(Extracted data entries)
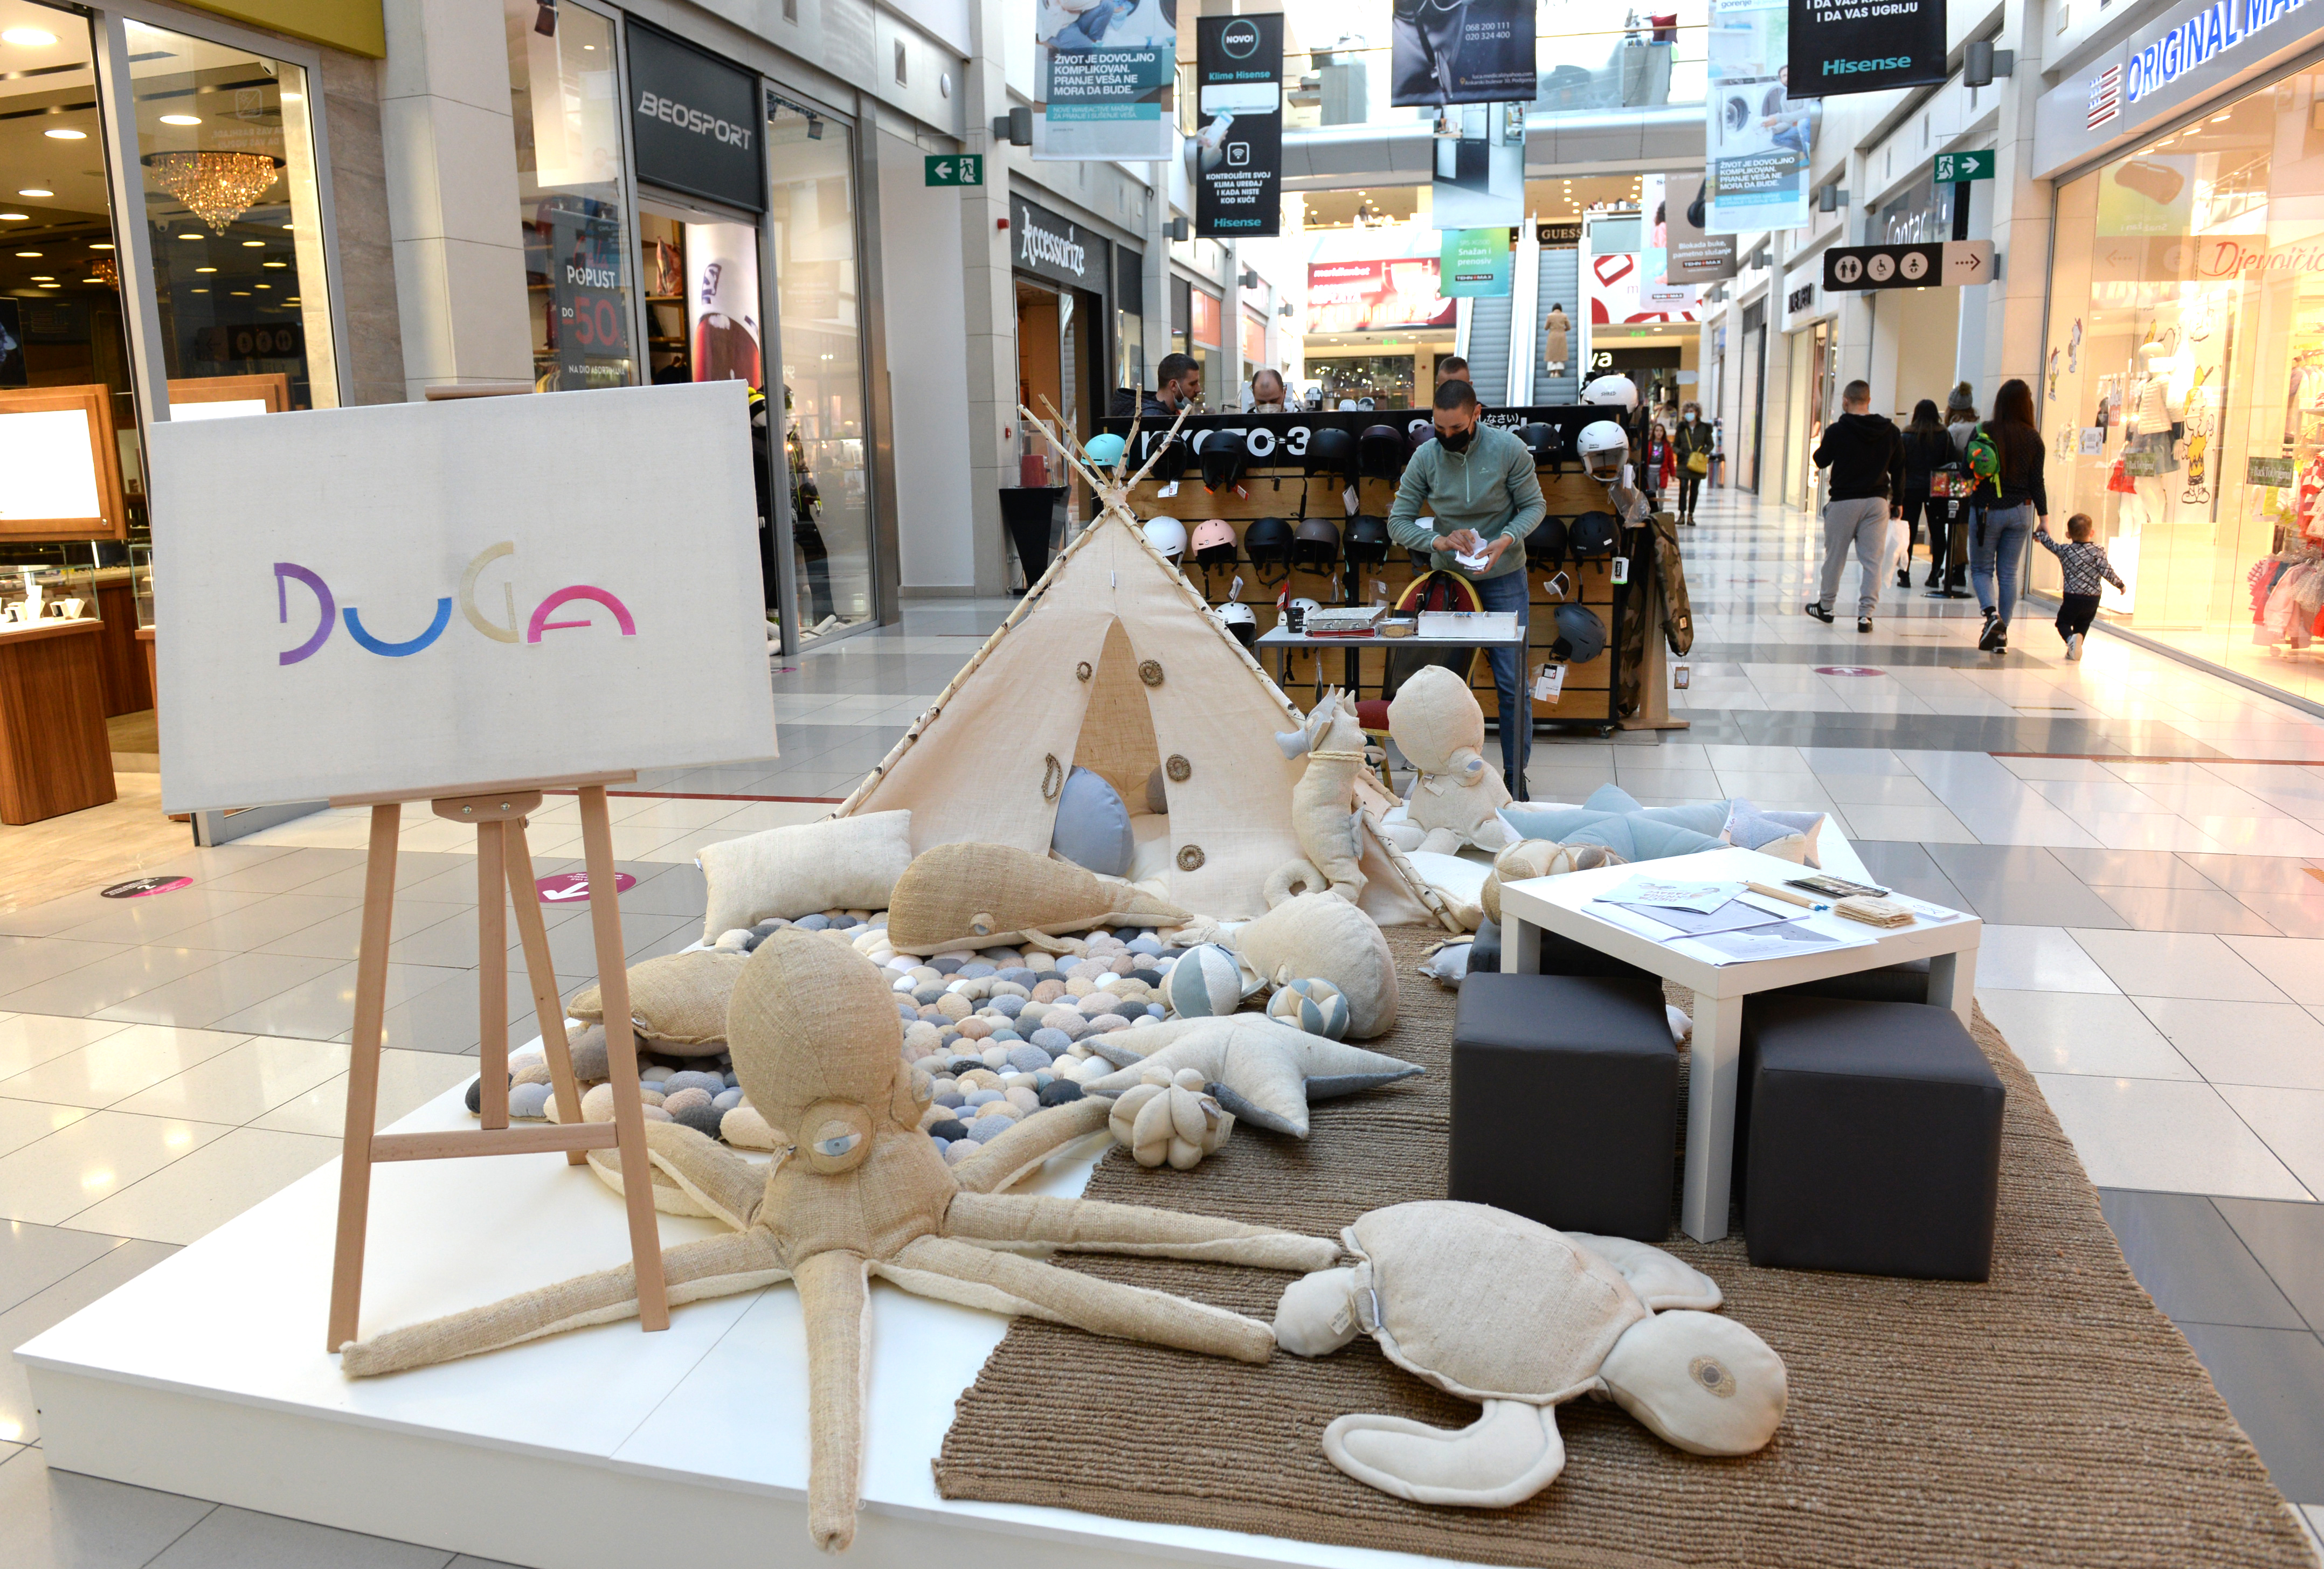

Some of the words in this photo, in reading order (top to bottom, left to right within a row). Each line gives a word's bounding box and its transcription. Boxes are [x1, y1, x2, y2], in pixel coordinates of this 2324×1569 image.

[1721, 0, 1752, 9] gorenje
[1807, 0, 1810, 9] I
[1814, 0, 1831, 9] DA
[1817, 12, 1821, 22] I
[1824, 11, 1842, 22] DA
[1844, 8, 1868, 19] VAS
[1872, 2, 1918, 16] UGRIJU
[1226, 34, 1254, 44] NOVO!
[2128, 0, 2244, 103] ORIGINAL
[1055, 53, 1084, 65] ŽIVOT
[1085, 54, 1098, 64] JE
[1099, 53, 1155, 64] DOVOLJNO
[1055, 64, 1130, 75] KOMPLIKOVAN.
[1822, 56, 1911, 76] Hisense
[1055, 75, 1094, 85] PRANJE
[1096, 73, 1122, 84] VEŠA
[1124, 74, 1138, 84] NE
[1209, 72, 1234, 80] Klime
[1236, 71, 1270, 79] Hisense
[1054, 86, 1084, 96] MORA
[1087, 86, 1101, 95] DA
[1103, 85, 1133, 95] BUDE.
[638, 91, 751, 150] BEOSPORT
[1720, 161, 1741, 169] ŽIVOT
[1753, 157, 1795, 166] DOVOLJNO
[1206, 171, 1251, 180] KONTROLIŠITE
[1720, 166, 1776, 176] KOMPLIKOVAN.
[1751, 172, 1770, 181] VEŠA
[1214, 218, 1261, 227] Hisense
[1541, 228, 1581, 240] GUESS
[1021, 206, 1084, 277] Accessorize
[1679, 242, 1706, 250] Blokada
[1458, 247, 1486, 255] Snažan
[1673, 250, 1704, 259] pametno
[1705, 247, 1732, 257] slušanje
[1457, 258, 1492, 267] prenosiv
[566, 265, 615, 289] POPUST
[562, 307, 573, 318] DO
[569, 365, 578, 373] NA
[579, 365, 590, 374] DIO
[591, 366, 625, 375] ASORTIMANA
[273, 540, 636, 665] DUGA

Exercise description: The answer should consist of every line above, exact and free of images.

Final answer:
Some of the words in this photo, in reading order (top to bottom, left to right within a row). Each line gives a word's bounding box and its transcription. Boxes are [x1, y1, x2, y2], in pixel coordinates of this 2324×1569 image.

[1721, 0, 1752, 9] gorenje
[1807, 0, 1810, 9] I
[1814, 0, 1831, 9] DA
[1817, 12, 1821, 22] I
[1824, 11, 1842, 22] DA
[1844, 8, 1868, 19] VAS
[1872, 2, 1918, 16] UGRIJU
[1226, 34, 1254, 44] NOVO!
[2128, 0, 2244, 103] ORIGINAL
[1055, 53, 1084, 65] ŽIVOT
[1085, 54, 1098, 64] JE
[1099, 53, 1155, 64] DOVOLJNO
[1055, 64, 1130, 75] KOMPLIKOVAN.
[1822, 56, 1911, 76] Hisense
[1055, 75, 1094, 85] PRANJE
[1096, 73, 1122, 84] VEŠA
[1124, 74, 1138, 84] NE
[1209, 72, 1234, 80] Klime
[1236, 71, 1270, 79] Hisense
[1054, 86, 1084, 96] MORA
[1087, 86, 1101, 95] DA
[1103, 85, 1133, 95] BUDE.
[638, 91, 751, 150] BEOSPORT
[1720, 161, 1741, 169] ŽIVOT
[1753, 157, 1795, 166] DOVOLJNO
[1206, 171, 1251, 180] KONTROLIŠITE
[1720, 166, 1776, 176] KOMPLIKOVAN.
[1751, 172, 1770, 181] VEŠA
[1214, 218, 1261, 227] Hisense
[1541, 228, 1581, 240] GUESS
[1021, 206, 1084, 277] Accessorize
[1679, 242, 1706, 250] Blokada
[1458, 247, 1486, 255] Snažan
[1673, 250, 1704, 259] pametno
[1705, 247, 1732, 257] slušanje
[1457, 258, 1492, 267] prenosiv
[566, 265, 615, 289] POPUST
[562, 307, 573, 318] DO
[569, 365, 578, 373] NA
[579, 365, 590, 374] DIO
[591, 366, 625, 375] ASORTIMANA
[273, 540, 636, 665] DUGA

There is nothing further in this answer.